Dass die Klägerin irgendetwas zur Beseitigung der Passlosigkeit unternommen hat, ist weder vorgetragen noch sonst ersichtlich. An der Zumutbarkeit der verlangten Mitwirkung hat die Kammer keinen Zweifel. Sofern der Klägerbevollmächtigte auf die Inanspruchnahme der Klägerin durch die Kinderbetreuung verweist, ist von der Klägerin zu verlangen, auf die Unterstützung des Kindsvaters zurückzugreifen. Soweit auf die Unzumutbarkeit von Reisen verwiesen wird, ist festzustellen, dass die Klägerin auch vor Beginn der Corona-Pandemie nichts zur Beseitigung der Passlosigkeit unternommen hat. Im Übrigen hat die Klägerin auch Mitwirkungshandlungen, die nicht mit Reisen verbunden sind, nicht vorgenommen.

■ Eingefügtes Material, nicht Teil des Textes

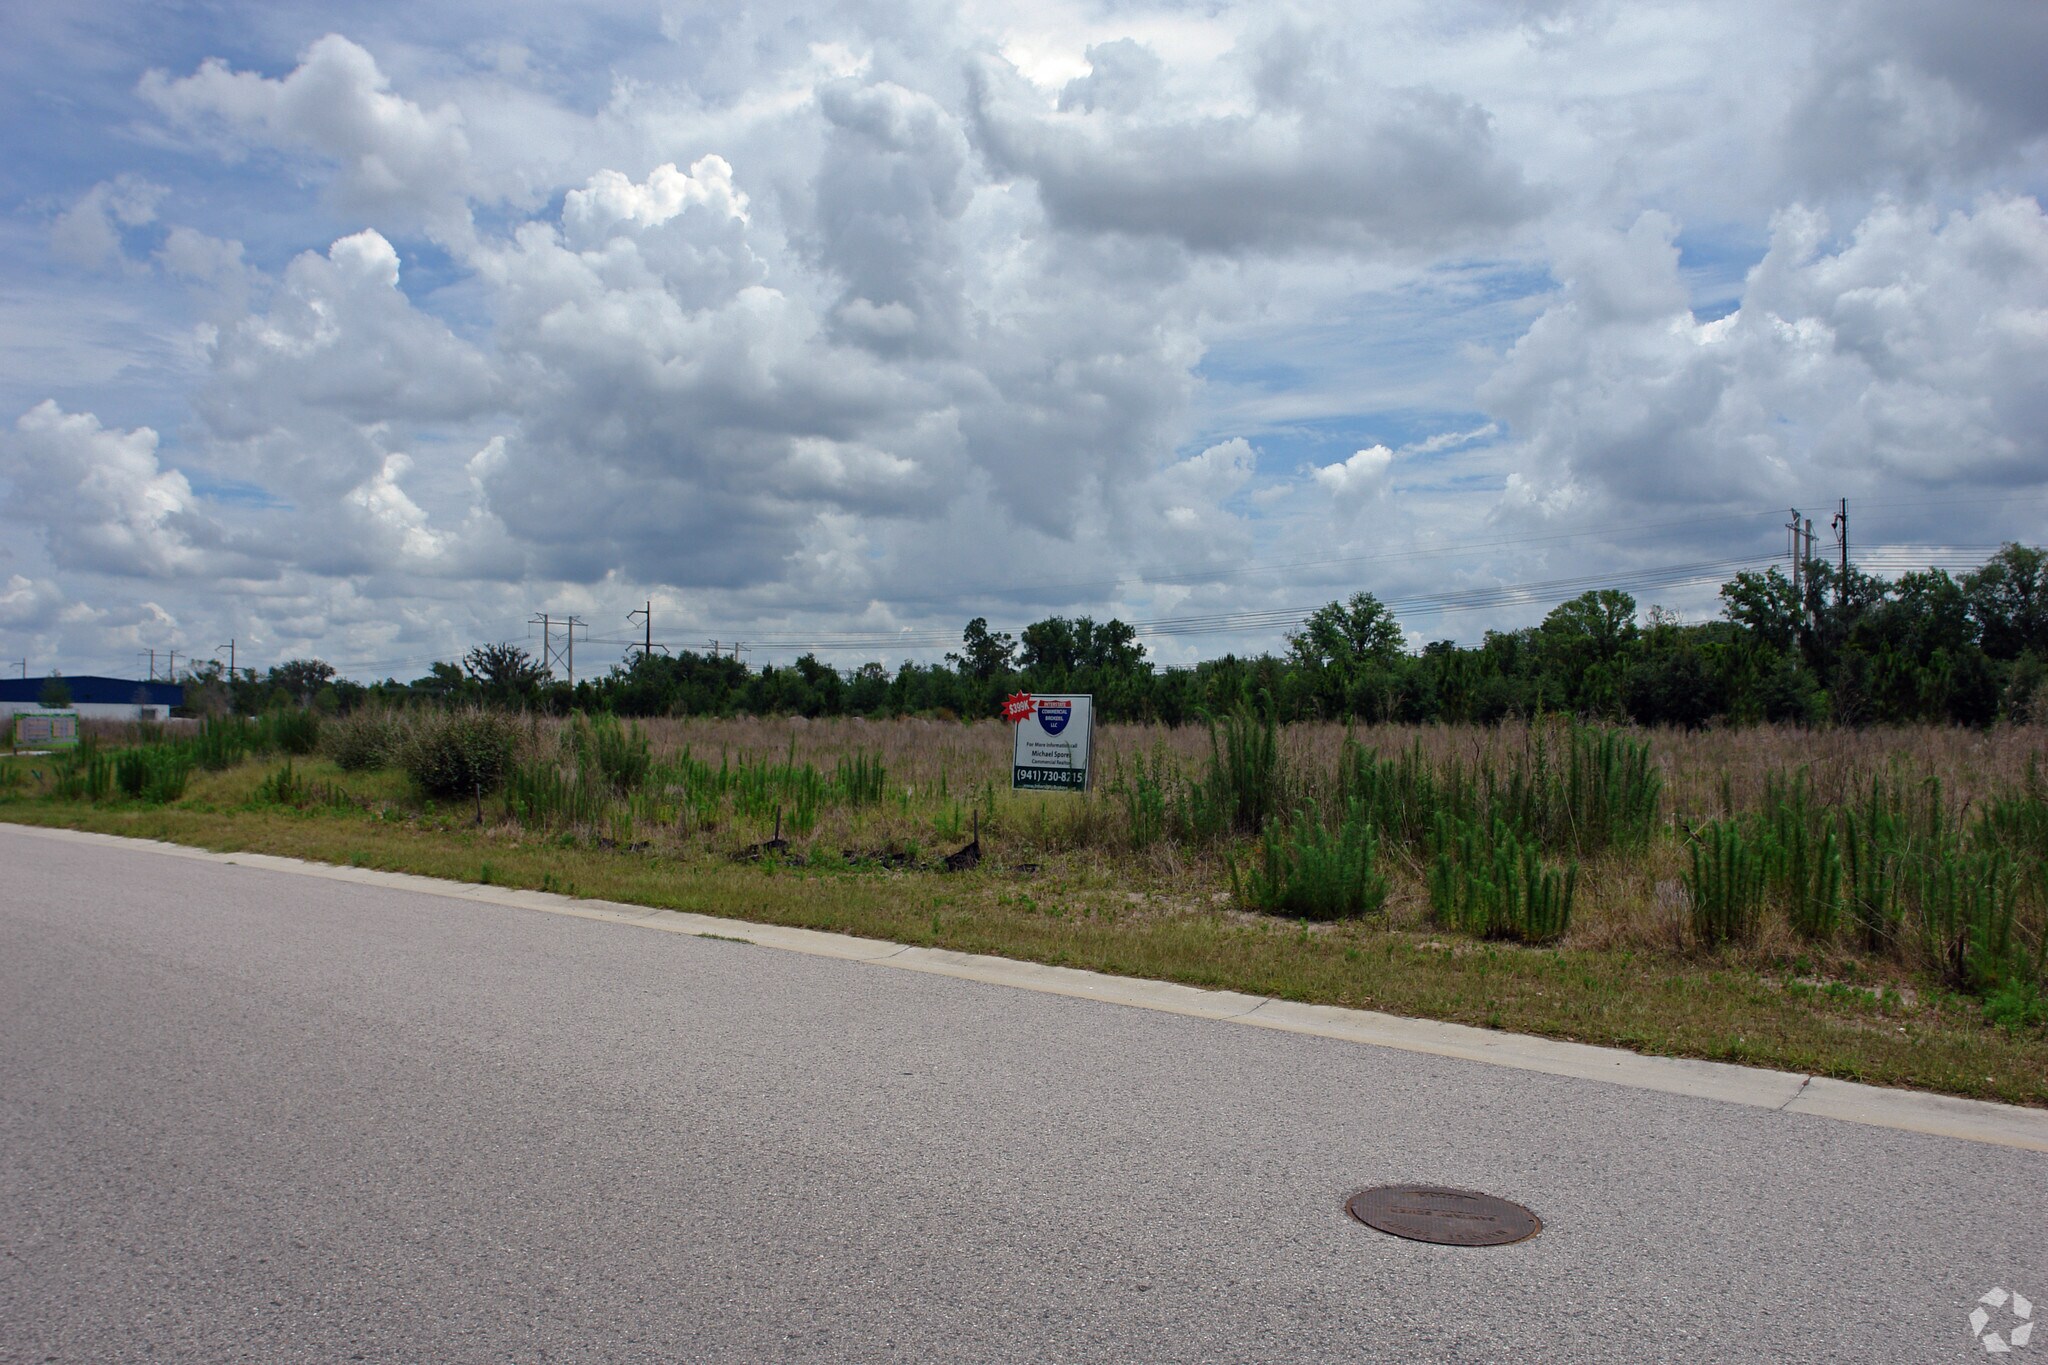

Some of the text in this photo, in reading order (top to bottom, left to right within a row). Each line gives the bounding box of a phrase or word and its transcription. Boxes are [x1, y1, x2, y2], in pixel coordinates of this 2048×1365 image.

[1009, 700, 1030, 715] $399K
[1017, 769, 1083, 783] (941) 730-8215
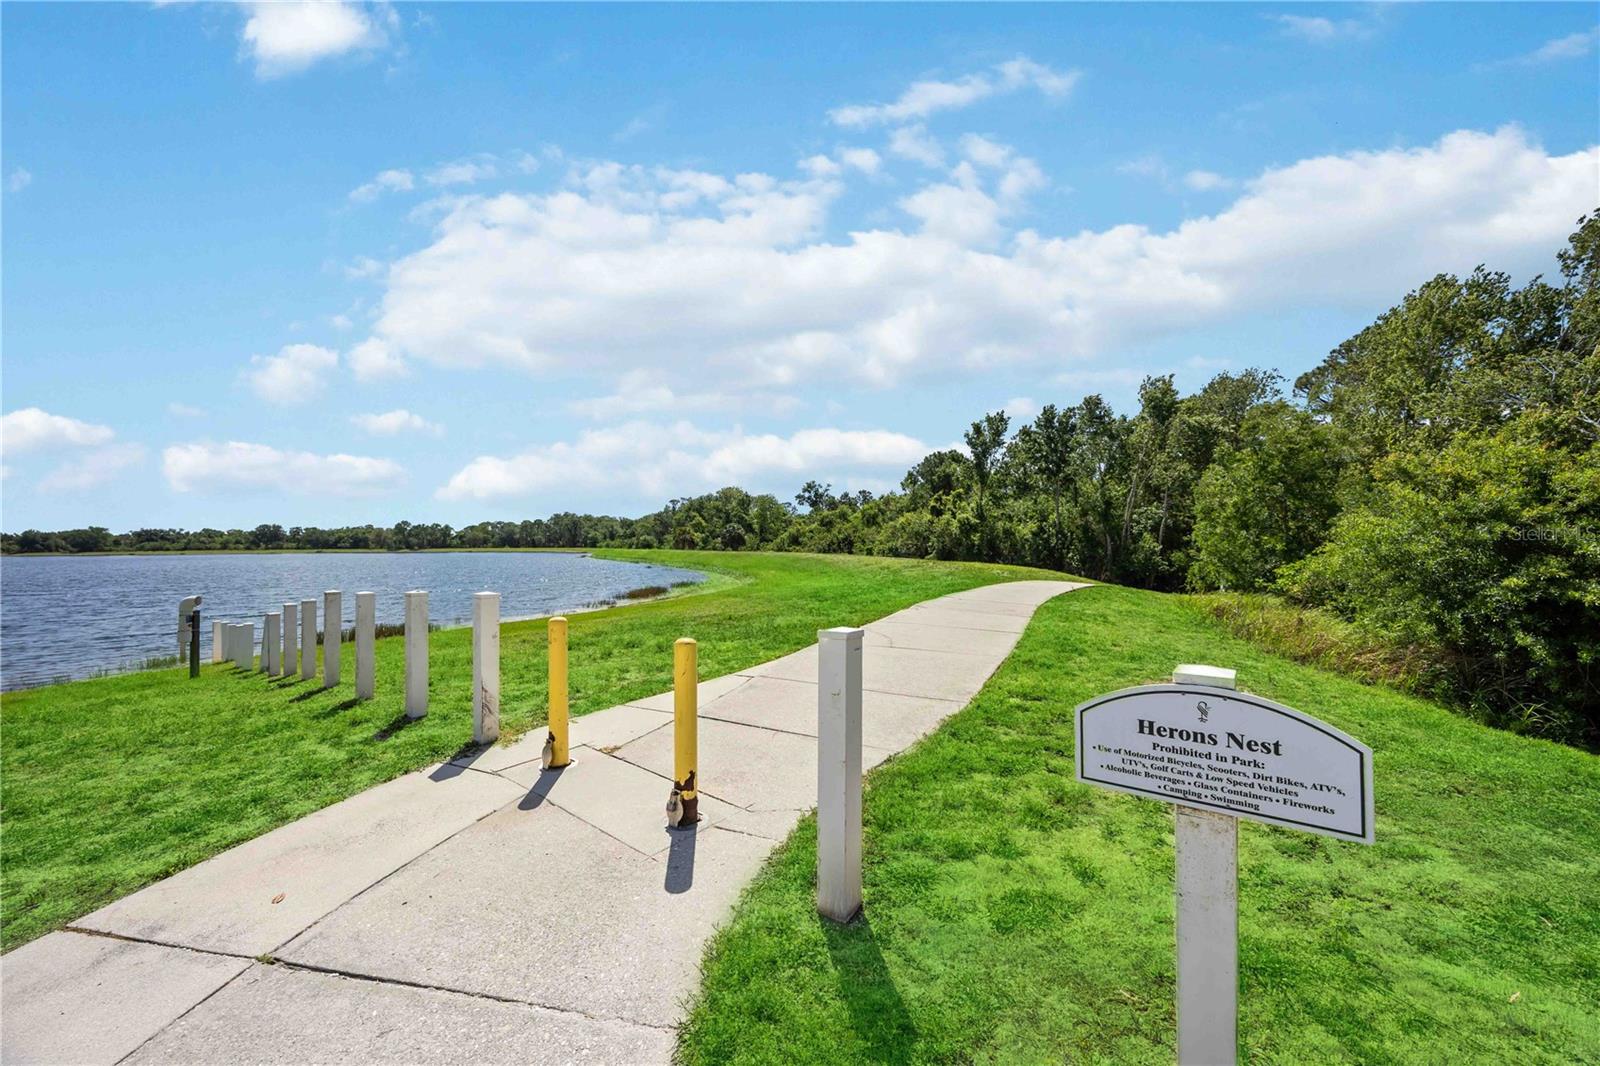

Schließlich ist nicht zu beanstanden, dass die Zentrale Ausländerbehörde den Aufenthalt auf das Gebiet der Stadt …, also auf den Zuständigkeitsbereich der Unteren Ausländerbehörde beschränkt hat. Die Zuständigkeitskonzentration gem. § 3 der Verordnung über Zuständigkeiten im Ausländerrecht (Zuständigkeitsverordnung Ausländerrecht – ZustVAuslR) vom 27. August 2018 (GVBl. 714, 738) dient der zweckmäßigen Erledigung von Verwaltungsaufgaben durch spezialisierte Behörden, nicht aber dazu, den Rechtskreis des Ausländers zu erweitern. Ein rechtfertigender Grund für eine Ungleichbehandlung von Ausländern, für die die Zentrale Ausländerbehörde zuständig ist, gegenüber solchen, für die die Kreisverwaltungsbehörde zuständig ist, wäre nicht erkennbar. „Bezirk“ i.S.d. § 61 Abs. 1c Satz 2 AufenthG ist daher der Zuständigkeitsbereich der Unteren Ausländerbehörde (ebenso: VG Stuttgart, U.v. 20.08.2019 – 2 K 8316/18 – BeckRS 2019, 19914 Rn. 37).“
Die Klägerin muss sich die Verletzung der Mitwirkungspflichten durch ihre Mutter zurechnen lassen (vgl. § 80 Abs. 4 AufenthG sowie VG Potsdam, B.v. 17.01.2020 – 8 L 950/19 – juris Rn. 14; NdsOVG, B.v. 02.07.2008 – 2 ME 302/08 – juris Rn. 12).